<<<<
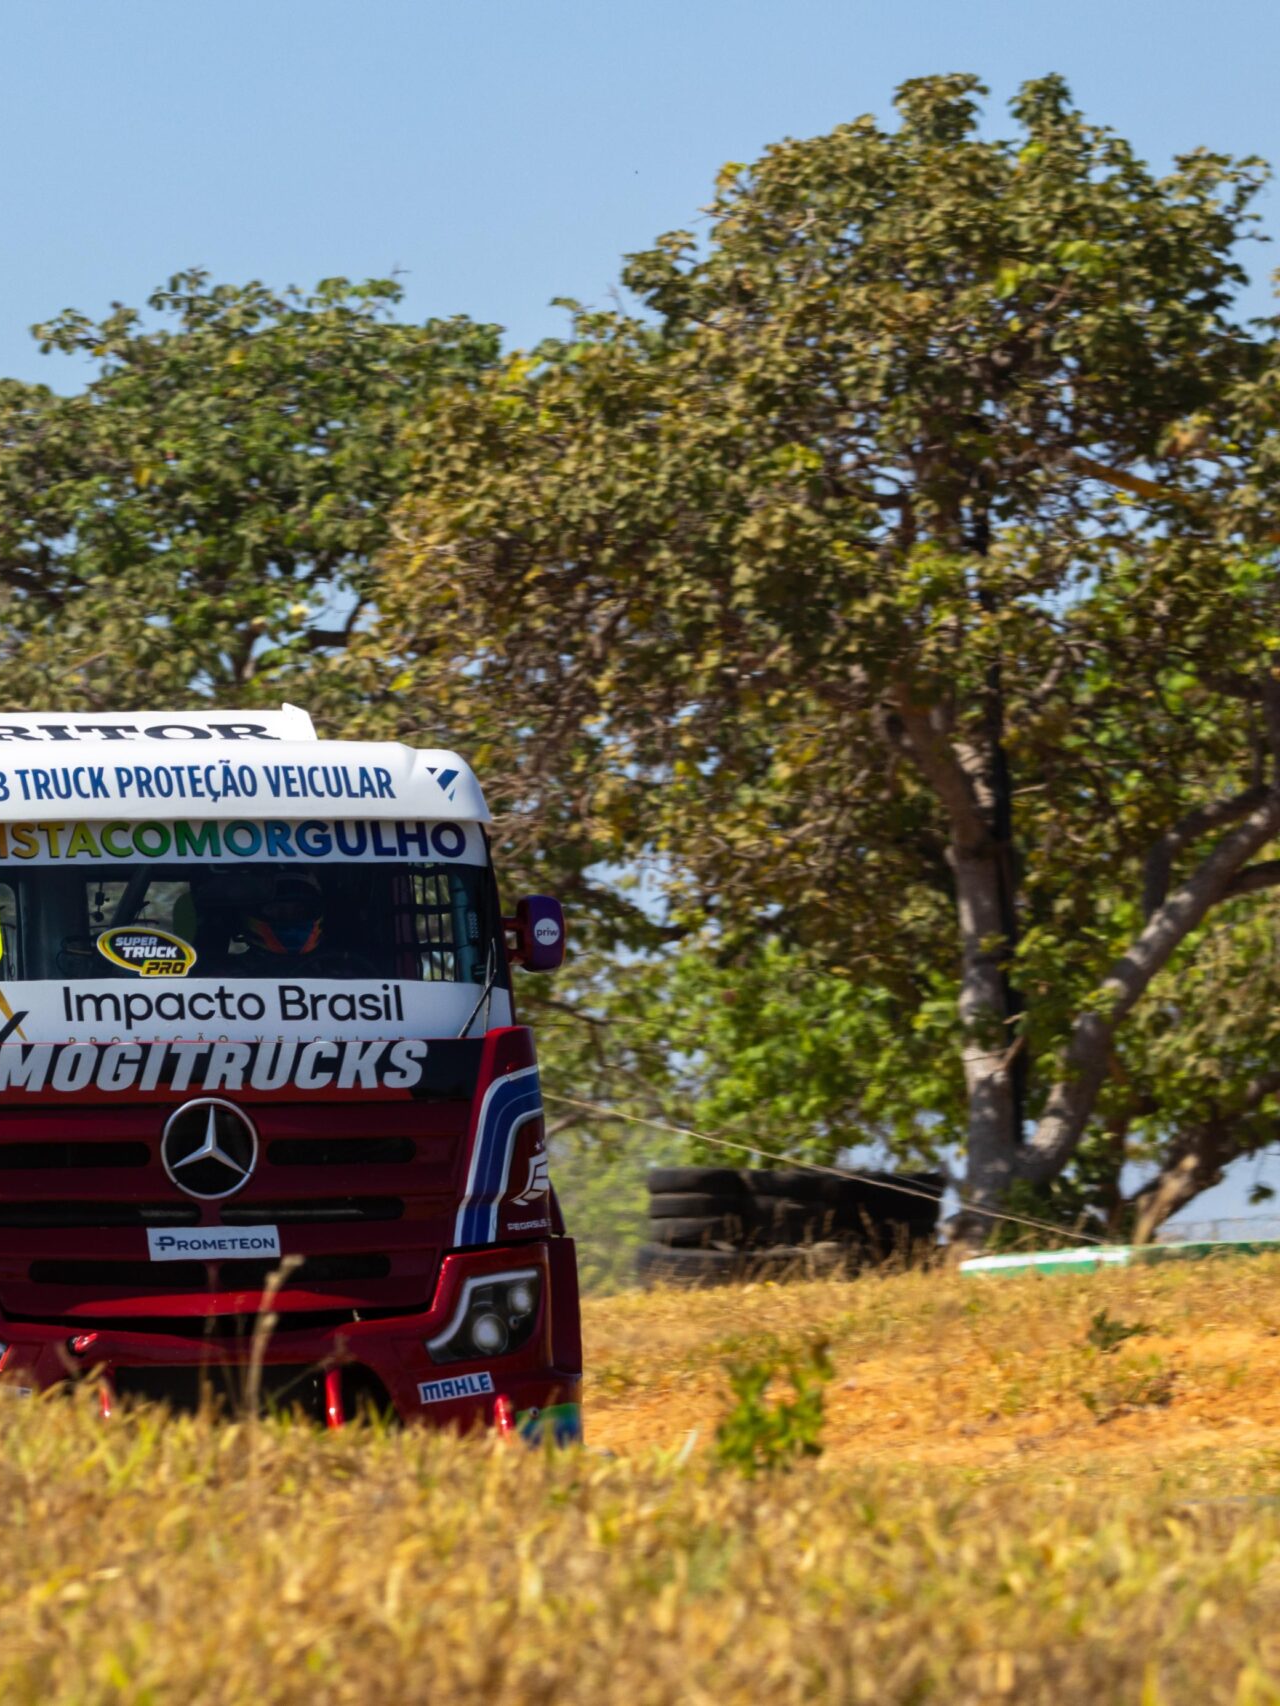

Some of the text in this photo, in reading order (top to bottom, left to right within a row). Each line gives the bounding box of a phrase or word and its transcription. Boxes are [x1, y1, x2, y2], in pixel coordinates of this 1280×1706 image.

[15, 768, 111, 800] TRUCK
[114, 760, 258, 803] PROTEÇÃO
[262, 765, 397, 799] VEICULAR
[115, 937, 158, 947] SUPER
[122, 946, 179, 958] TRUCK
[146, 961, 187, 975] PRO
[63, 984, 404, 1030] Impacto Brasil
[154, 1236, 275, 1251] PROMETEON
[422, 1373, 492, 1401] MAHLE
>>>>
| TASK ITEM |
Print the material again, unchanged, without its pictures.

| ANSWER |
Some of the text in this photo, in reading order (top to bottom, left to right within a row). Each line gives the bounding box of a phrase or word and its transcription. Boxes are [x1, y1, x2, y2], in pixel coordinates of this 1280×1706 image.

[15, 768, 111, 800] TRUCK
[114, 760, 258, 803] PROTEÇÃO
[262, 765, 397, 799] VEICULAR
[115, 937, 158, 947] SUPER
[122, 946, 179, 958] TRUCK
[146, 961, 187, 975] PRO
[63, 984, 404, 1030] Impacto Brasil
[154, 1236, 275, 1251] PROMETEON
[422, 1373, 492, 1401] MAHLE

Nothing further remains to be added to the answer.